• **Information provided**

▬▬▬▬▬▬▬▬▬▬

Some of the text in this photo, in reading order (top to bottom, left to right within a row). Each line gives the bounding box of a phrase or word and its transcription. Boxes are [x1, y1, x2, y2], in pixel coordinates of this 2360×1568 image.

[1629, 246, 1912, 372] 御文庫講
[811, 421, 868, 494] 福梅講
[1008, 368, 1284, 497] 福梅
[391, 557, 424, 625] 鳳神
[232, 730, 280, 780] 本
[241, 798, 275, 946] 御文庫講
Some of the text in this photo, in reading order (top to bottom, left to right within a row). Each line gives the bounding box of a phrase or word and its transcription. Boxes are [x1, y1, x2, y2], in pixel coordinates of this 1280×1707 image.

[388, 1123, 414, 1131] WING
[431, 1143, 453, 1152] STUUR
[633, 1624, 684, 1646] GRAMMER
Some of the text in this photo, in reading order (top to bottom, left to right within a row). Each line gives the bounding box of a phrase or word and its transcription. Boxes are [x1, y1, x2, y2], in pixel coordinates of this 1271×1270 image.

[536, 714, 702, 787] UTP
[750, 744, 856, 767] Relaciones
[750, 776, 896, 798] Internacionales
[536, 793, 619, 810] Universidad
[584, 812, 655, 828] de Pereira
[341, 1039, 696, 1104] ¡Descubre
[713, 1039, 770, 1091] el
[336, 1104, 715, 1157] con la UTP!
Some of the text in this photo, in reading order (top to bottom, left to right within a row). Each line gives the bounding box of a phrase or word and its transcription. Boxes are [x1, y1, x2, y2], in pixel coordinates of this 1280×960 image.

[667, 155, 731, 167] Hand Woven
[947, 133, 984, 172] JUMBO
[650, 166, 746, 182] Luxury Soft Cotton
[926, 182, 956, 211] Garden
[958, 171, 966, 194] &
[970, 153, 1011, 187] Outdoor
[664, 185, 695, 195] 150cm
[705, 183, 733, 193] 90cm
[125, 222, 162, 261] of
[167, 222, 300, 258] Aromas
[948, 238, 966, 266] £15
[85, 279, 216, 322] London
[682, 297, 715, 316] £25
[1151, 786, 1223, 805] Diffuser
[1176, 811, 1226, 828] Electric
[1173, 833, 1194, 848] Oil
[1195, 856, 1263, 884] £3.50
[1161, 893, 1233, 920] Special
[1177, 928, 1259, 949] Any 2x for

▬▬▬▬▬▬▬▬▬▬

• **Task description**
Repeat the material above exactly, including every line.

• **Response to the exercise**
Some of the text in this photo, in reading order (top to bottom, left to right within a row). Each line gives the bounding box of a phrase or word and its transcription. Boxes are [x1, y1, x2, y2], in pixel coordinates of this 2360×1568 image.

[1629, 246, 1912, 372] 御文庫講
[811, 421, 868, 494] 福梅講
[1008, 368, 1284, 497] 福梅
[391, 557, 424, 625] 鳳神
[232, 730, 280, 780] 本
[241, 798, 275, 946] 御文庫講
Some of the text in this photo, in reading order (top to bottom, left to right within a row). Each line gives the bounding box of a phrase or word and its transcription. Boxes are [x1, y1, x2, y2], in pixel coordinates of this 1280×1707 image.

[388, 1123, 414, 1131] WING
[431, 1143, 453, 1152] STUUR
[633, 1624, 684, 1646] GRAMMER
Some of the text in this photo, in reading order (top to bottom, left to right within a row). Each line gives the bounding box of a phrase or word and its transcription. Boxes are [x1, y1, x2, y2], in pixel coordinates of this 1271×1270 image.

[536, 714, 702, 787] UTP
[750, 744, 856, 767] Relaciones
[750, 776, 896, 798] Internacionales
[536, 793, 619, 810] Universidad
[584, 812, 655, 828] de Pereira
[341, 1039, 696, 1104] ¡Descubre
[713, 1039, 770, 1091] el
[336, 1104, 715, 1157] con la UTP!
Some of the text in this photo, in reading order (top to bottom, left to right within a row). Each line gives the bounding box of a phrase or word and its transcription. Boxes are [x1, y1, x2, y2], in pixel coordinates of this 1280×960 image.

[667, 155, 731, 167] Hand Woven
[947, 133, 984, 172] JUMBO
[650, 166, 746, 182] Luxury Soft Cotton
[926, 182, 956, 211] Garden
[958, 171, 966, 194] &
[970, 153, 1011, 187] Outdoor
[664, 185, 695, 195] 150cm
[705, 183, 733, 193] 90cm
[125, 222, 162, 261] of
[167, 222, 300, 258] Aromas
[948, 238, 966, 266] £15
[85, 279, 216, 322] London
[682, 297, 715, 316] £25
[1151, 786, 1223, 805] Diffuser
[1176, 811, 1226, 828] Electric
[1173, 833, 1194, 848] Oil
[1195, 856, 1263, 884] £3.50
[1161, 893, 1233, 920] Special
[1177, 928, 1259, 949] Any 2x for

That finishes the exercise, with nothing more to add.